Mexico’s fourth transformation
Photos: Miguel Tovar for KULTURAUSTAUSCH
Six years ago, the then new President Andrés Manuel López Obrador began his term in office with a large-scale reform programme known as the ‘fourth transformation’ or ‘4T’ for short. For him, this economic policy process was nothing less than a major chapter in Mexico's history: the fourth after the struggle for independence until 1821, the civil war over the liberal constitution of 1857 and the Mexican Revolution, which raged until 1920.
Despite the pandemic, Obrador has a positive economic record: with a ‘super peso’ that has gained around 16 per cent in value against the dollar in recent years, low but stable economic growth averaging three per cent and a fall in the poverty rate from almost 44 to 36 per cent of the population. Obrador's government is now coming to an end, but with the election of Claudia Sheinbaum as the new president, Mexicans have decided in favour of a continuation of Obrador's course - and ushered in Mexico's first ever female leader.

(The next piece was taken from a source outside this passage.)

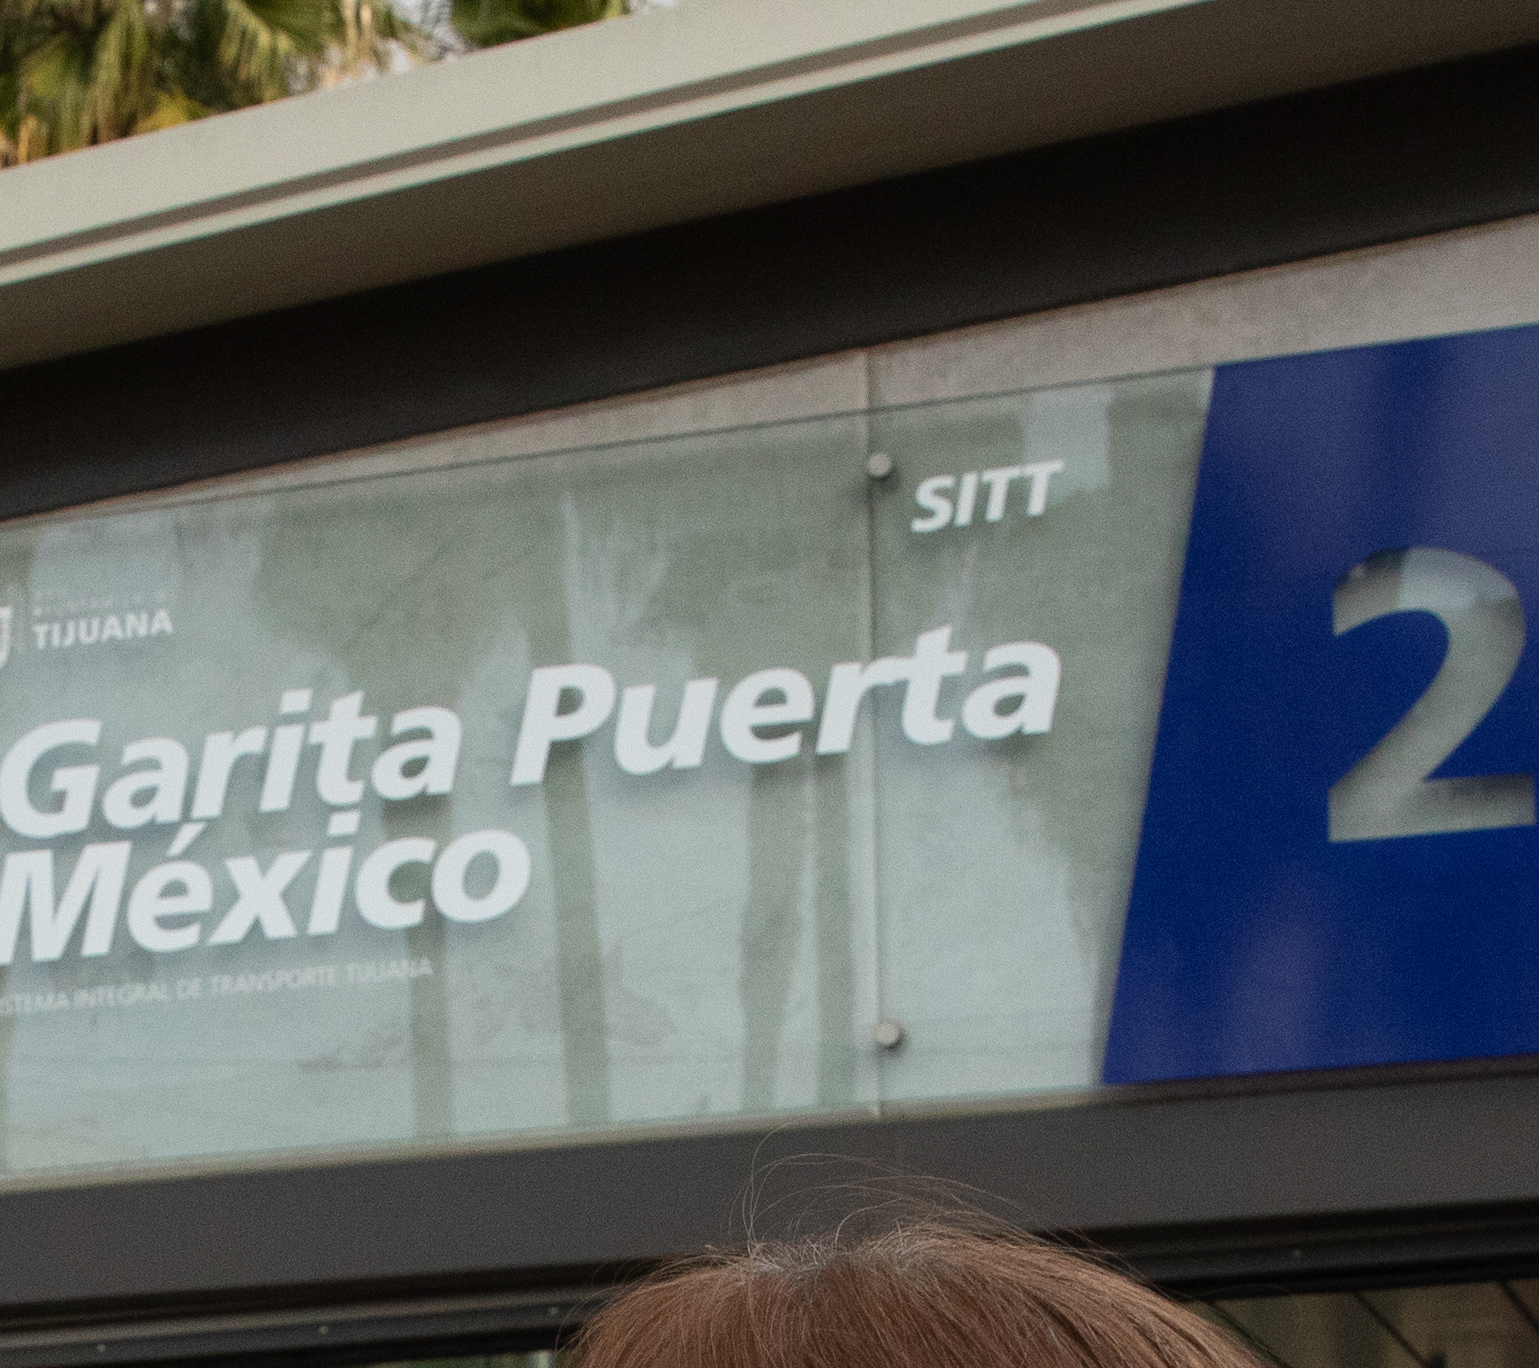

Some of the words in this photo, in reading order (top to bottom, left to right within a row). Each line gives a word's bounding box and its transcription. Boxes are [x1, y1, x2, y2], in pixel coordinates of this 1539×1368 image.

However, the new president has to tackle a number of problems: corruption is rampant, as are impunity and violence. More than 110,000 people are currently missing, or ‘disappeared’ in Mexico. While Obrador ran with the motto ‘The poor first’, one of Sheinbaum's slogans is : ‘We can all do it!’, and many have high hopes for the new ‘Presidenta’. In the presidential elections in June 2024, many poorer, underprivileged Mexicans voted for her - and thus backed continuity. Here a survey of how people experienced the first phase of the 4T programme? What do they want, looking ahead?
Austreberta Casales turns up to our meeting with three mobile phones. A few months ago, she and her son opened a mobile phone repair service and accessories business. Today they had to close down their shop as sales were going badly and they couldn't pay the rent. But she is not discouraged. She says she'll continue to exchange mobile phone cases, batteries and displays, with or without a shop.
Aged 64, Austreberta is bursting with energy. For decades, she was an administrative employee in the music industry, back when selling CDs still earned money. She gave up the job because of health problems, but without a pension. These days, she still has to make ends meet. She has asked around and is currently thinking of opening a launderette.
It is a hot afternoon in Colonia Guerrero, in the centre of the capital. The working-class neighbourhood also has a reputation for violence. Here there are street markets and tianguis, or mobile traders. It's loud: cars, motorbikes, voices and music can be heard everywhere. Behind every doorway, entire worlds are hidden, opening up onto courtyards which have up to twenty buildings grouped around them.
Austreberta lives here, her door leads out onto a dead-end street where everyone knows who is coming and going. She puts her keys on the table, sits down and strokes her dog, Cristal. Princesa, Padme and Güera, the three puppies, come running over. Her lap barely has enough room for all of them, but Doña Austre smiles happily between her sand-coloured Chihuahuas. She was taken by surprise by the López Obrador government, she says. She thinks the universal pension for older people is a good plan, even though she does not yet receive it herself. “Before, we were pretty helpless,” she explains. She would like to see this policy continued.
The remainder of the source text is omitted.